I'm not sure if you guys agree on whether or not most people have a natural, moral inhibition to taking another's life (spilling blood). I seem to think so. The point is made in Minority Report about murder being the most destructive thing. I can go into more detail if anyone claims that humans do NOT have a moral inhibition against killing.

Statement (another fact, if you disagree, I can prove it): Repeating a certain action over and over causes such an action to become a motor reflex (you do it without thinking). A motor reflex means that it is something essentially "programmed" into you. The reaction comes from your second "brain" in the spine, instead of traveling all the way to your head. An example of this is special forces guys being attacked or mugged. You've heard the stories--they end up killing several attackers before they realize what they're doing. This is because their brain (the "choice") was bypassed and they began reverting to instinct and motor reflex.

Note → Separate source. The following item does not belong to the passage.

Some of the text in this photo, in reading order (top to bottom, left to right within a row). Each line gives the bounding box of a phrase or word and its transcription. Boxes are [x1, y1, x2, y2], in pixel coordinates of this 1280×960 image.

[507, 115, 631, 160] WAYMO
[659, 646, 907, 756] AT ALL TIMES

Now, the question is, can video-games induce motors reflexes? This is an unbiased question in and of itself, and I think Pyroman_ace answered it when he talked about hand-eye coordination. Playing videogames DOES increase your hand-eye coordination, as well as ingrain certain motor reflexes in you. In Vendetta, if you're jumped, the first instinct is to either boost or turn and fire flares. In FPSs, if you're jumped, you whip the mouse around to where the guy is and blow his head off (or riddle his torso, which you choose).

So, we've talked about what motor reflexes are, and we've affirmed that videogames can enforce them. Now, the question is, is it healthy to program all those motor reflexes into your brain? Until recently, the question would have been easy to answer: Yes, of course!! The vast majority of games today provide "justifiable" violence. You're killing nazis, zombies, lawbreakers, or some thing/person intent on your life. However, a different rise in games has sprung up along the lines of Duke Nukem (sorry to you DN fans) and Grand Theft Auto. I would question the programming of this unjustified violence into one's brain.

However, this choice is yours, and hopefully every gamer has the maturity to show discretion in his choice of games. Not every game made is a good game. I think that MAVAV needs to alter its message. Instead of the wholesale banning of games, they need to encourage gamer responsibility.
Mar 03, 2004 Urza link
All kids need parental supervision.
Mar 03, 2004 Pyro link
I think Penny Arcade put it about right...
http://www.penny-arcade.com/view.php3?date=2003-08-11
:P
Mar 04, 2004 Spider link
a point here though, Which I thouk you miss, SirCamps.

The motor reflex is motor, which means you are -not- programmed to "kill" in the sense the authors of said article make out, "squeeze trigger, turn kick , slash left, back , drop down" but "left key, mouse turn, circle back, leftclick, strafe, leftclick".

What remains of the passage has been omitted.